The water lily family, Nymphaceae, which also appears to have evolved very early, are still aquatic today. And monocots – plants like grasses and lilies with parallel veined leaves -- had ancestors that may have also been aqueous. Bevhalstia pebja, another candidate for the first flower, another candidate for the first flower, also seems to have been small and aquatic.

The magnolias are also still in the mix as very early flowering plants. The current suspect for the earliest evolved surviving flowering plant is Amborella, which today is a woody shrub found only on one island in the Pacific French archipelago of New Caledonia (I wrote about it here). When first evolved, it may or may not have appeared then as it does today.

At one point, based on DNA comparisons, Ceratophyllum, not Amborella, was considered to the be the earliest diverging living flowering plant, the scientists say. Now most analyses support Amborella in that position, though a few still suggest Ceratophyllum.

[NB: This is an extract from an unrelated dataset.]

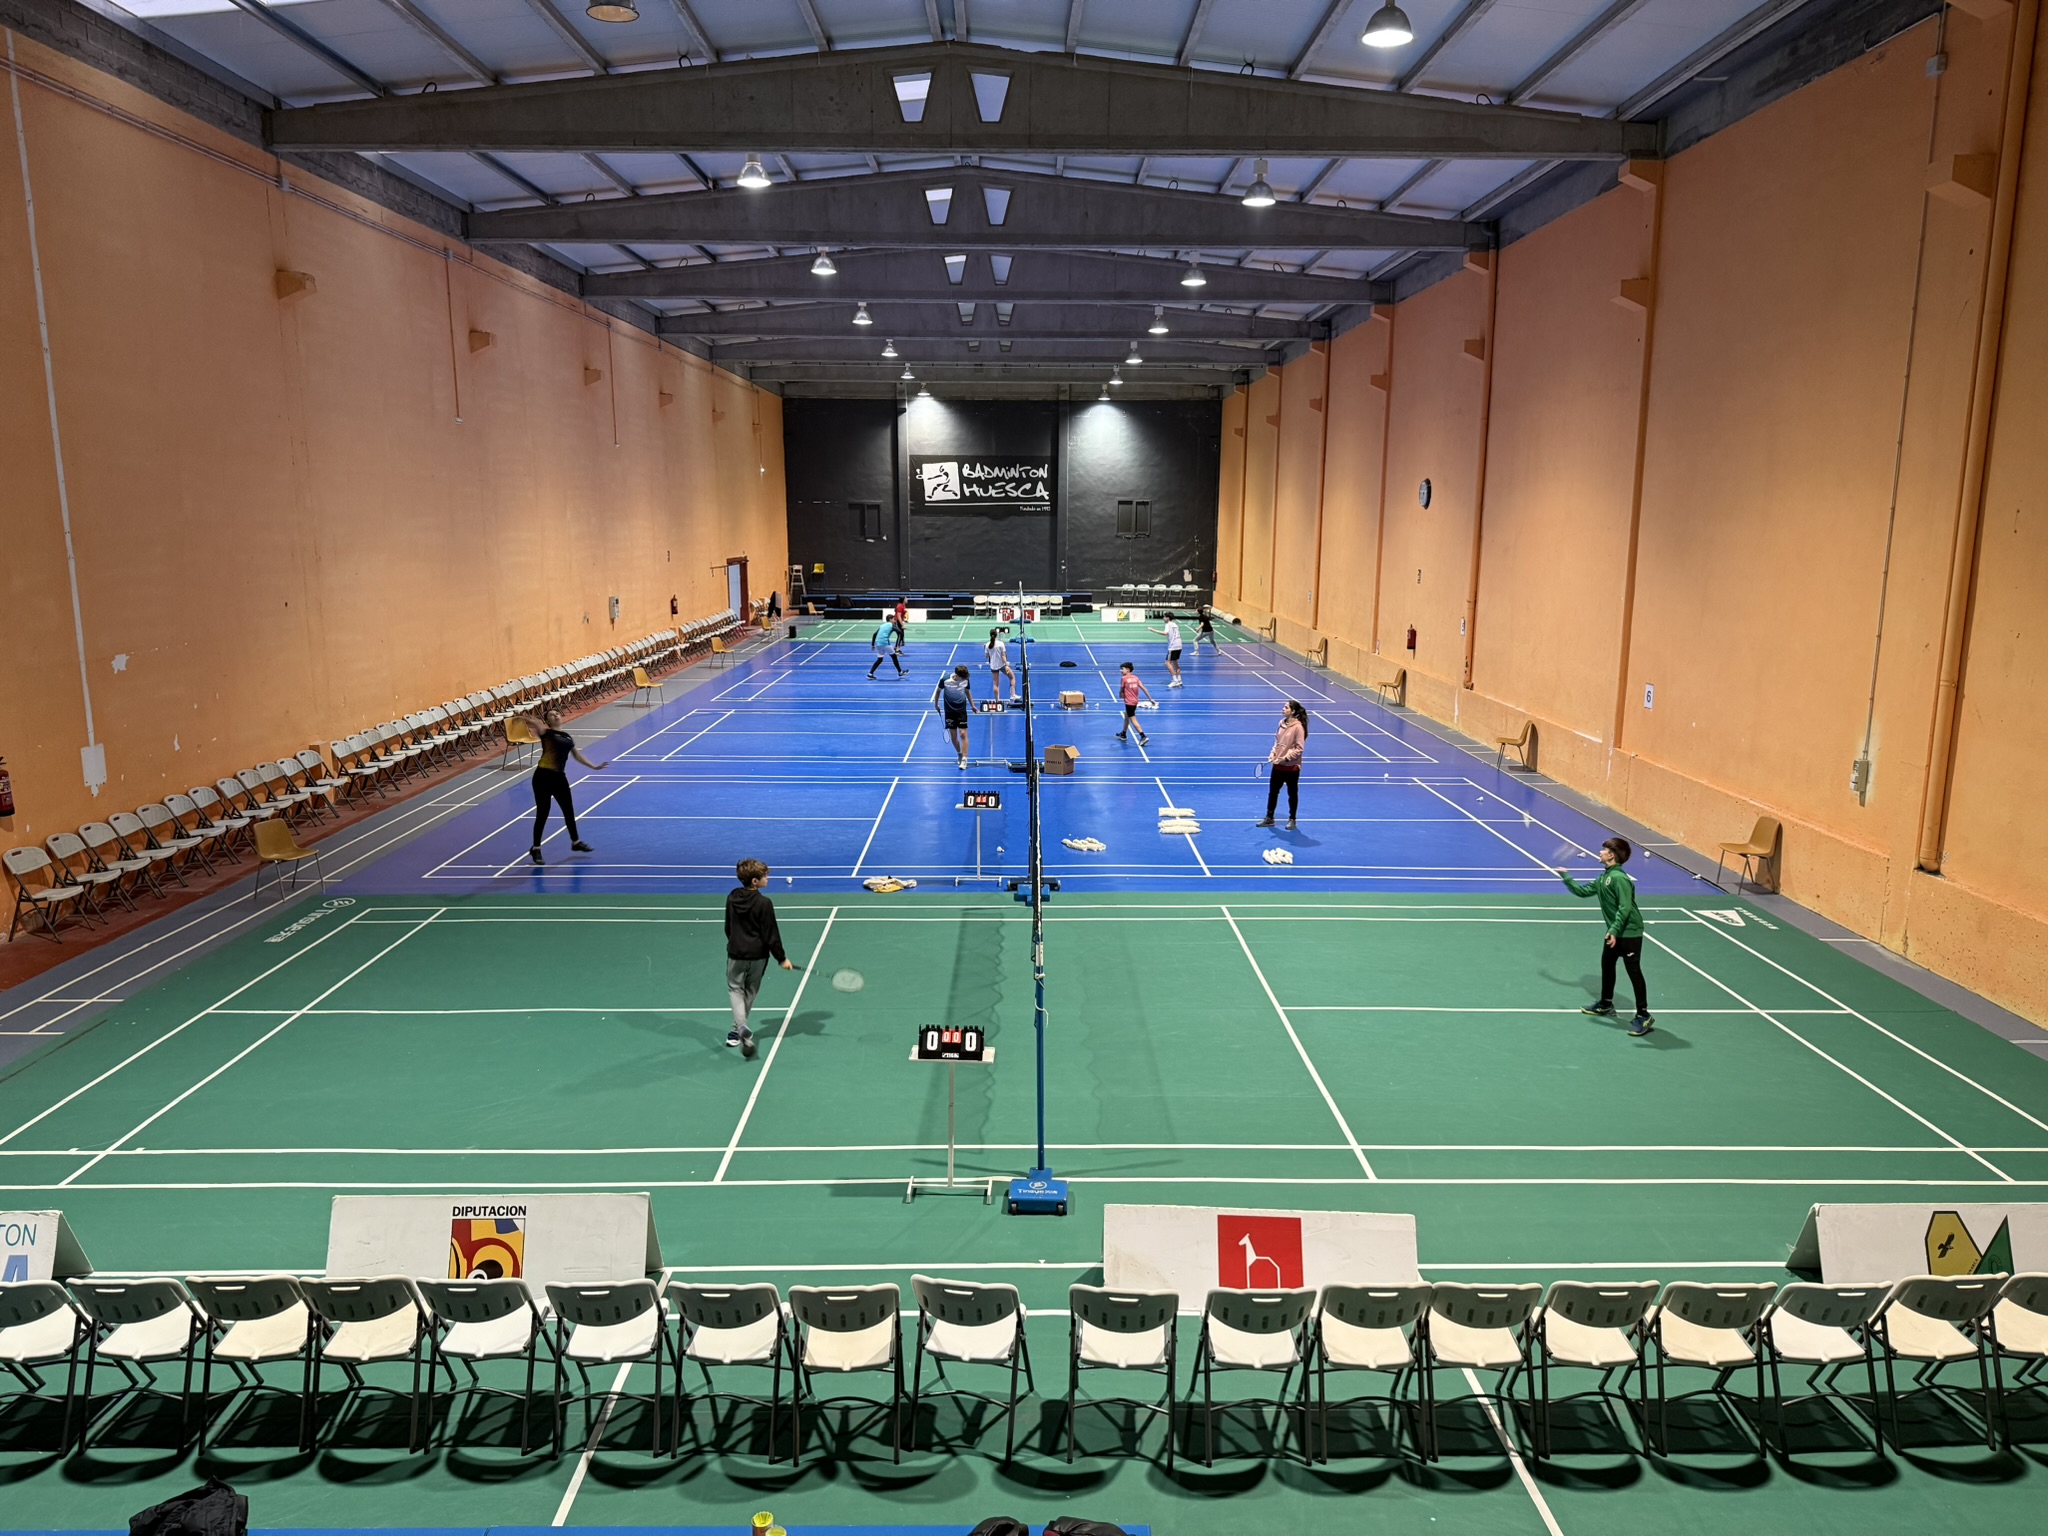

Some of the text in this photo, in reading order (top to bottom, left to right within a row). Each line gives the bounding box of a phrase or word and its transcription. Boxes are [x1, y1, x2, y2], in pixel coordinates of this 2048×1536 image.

Certainly Montsechia, eerie doppelganger of Ceratophyllum, appears to have been highly adapted to a watery existence, and it had already done so by a very early stage of flowering plant evolution. Ceratophyllum is unquestionably a flowering plant, so if it and Montsechia indeed related, this would confirm that flowering plants existed by at least 125 million years ago, and continues to hint that the “first flower” have been not perched upon a showy glossy tree, but hidden inside a humble aquatic weed.

Reference

Gomez, Bernard, Véronique Daviero-Gomez, Clément Coiffard, Carles Martín-Closas, and David L. Dilcher. "Montsechia, an ancient aquatic angiosperm." Proceedings of the National Academy of Sciences (2015): 201509241.